Awesome, as a character, was conceived by the writers as “the worst possible person for Chuck to come home too.” And he is, in a way; he’s the one with his life together, he’s everything Chuck is not which accentuates just how much of a loser Chuck feels he is. So as a storytelling device, Awesome works well, perfectly.
 
It would be really easy for the show to just stop there. Leave Devon as a bit of a caricature who pops in to a scene as his awesome self and leaves shortly after. Alternately, Captain Awesome could be a major ######. He’s fully aware of how great he is, so the writers could really have pushed the Mister Perfect angle and made him utterly insufferable. If they did that Chuck would have had an antagonist whenever he came home: here’s this guy who not only has his life together but has everything going for him and he will remind you of it at any moment, especially if it helps bring you down. So bam, between tension at his day job, all the fun and games of being a spy, and Devon waiting at home; Chuck’s life is rife for conflict.
 
Yet, fortunately, Captain Awesome is not remotely like that.
 
Instead of being huge pain, Devon is instead one of the most genuinely nice guys, well, ever. For example, when asked by Jeff, one of Chuck’s deadbeat coworkers at the BuyMore, if Awesome’s ever had a dream that’s never come true, Devon thinks a beat before simply saying no. Again, this is one of those scenes where he could come off as conceited, but its the sincerity with which he says it that helps you love him. He’s just a good guy who, even though things have always gone right for him, is willing to help anyone else. Though he’s never had a dream not come true, Devon offers Jeff a (potentially disastrous) chance for his to come true. Devon’s written earnestly and is a wonderful character on the show. If the main characters of Chuck made Captain Planet, he’d have the Power of Heart.
 
I cannot stress enough how fine a line the characterization of Captain Awesome walks.
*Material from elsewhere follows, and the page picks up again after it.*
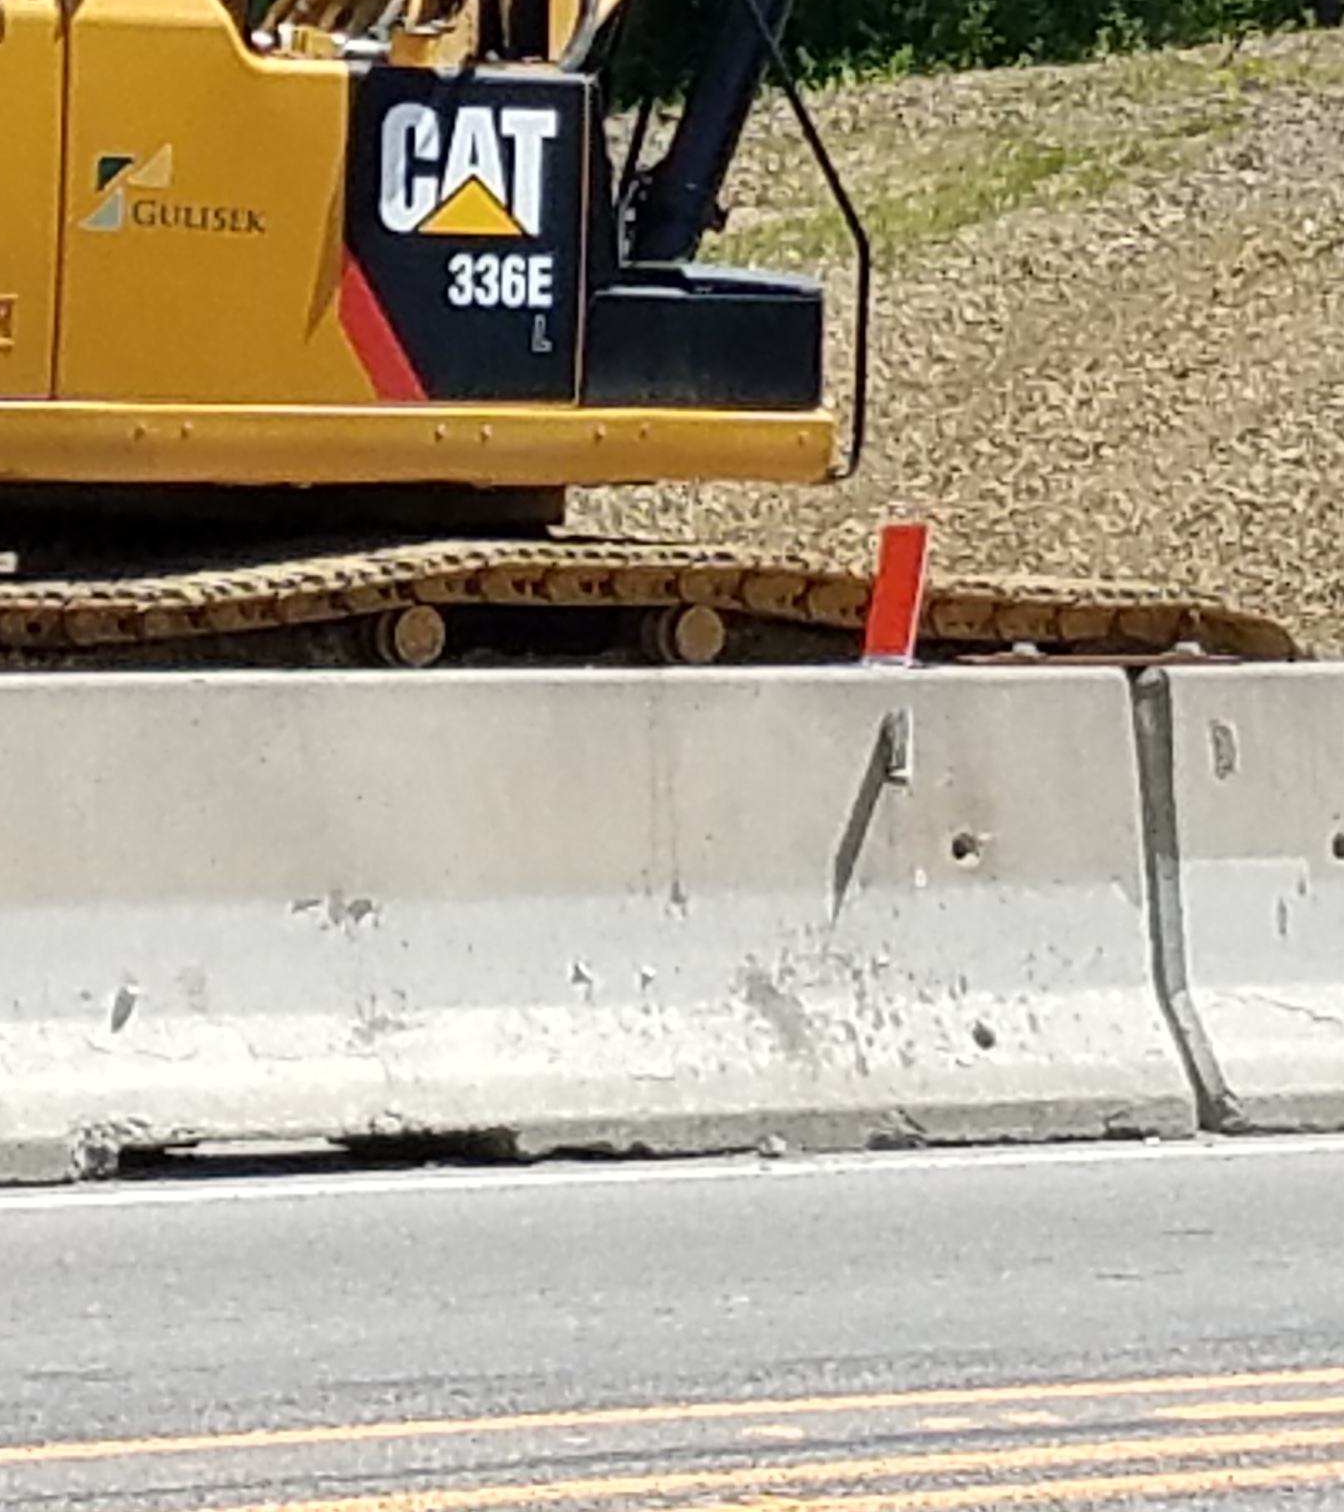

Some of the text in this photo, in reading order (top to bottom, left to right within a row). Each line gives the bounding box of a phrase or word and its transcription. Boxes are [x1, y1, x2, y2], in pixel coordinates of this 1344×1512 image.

[378, 103, 557, 238] CAT
[447, 253, 554, 309] 336E
[531, 312, 553, 353] L
He could have become someone we’d desperately want Chuck to punch in the face, or even just a total pushover who gets walked over by everyone else. It says a lot about the writing and Ryan McPartlin’s performance that he feels plain genuine. They could have deconstructed the character, or maybe given him a dark backstory (think Rich of Community’s “Beginner Pottery”), but instead they had him, well, as him; as someone too perfect to hate or be hated. Captain Awesome as a whole says a lot about the caliber of characterization on Chuck. They were able to take characters who, by all accounts, should have been one note but make them interesting. Devon is one of them and, man, he’s just a real swell guy.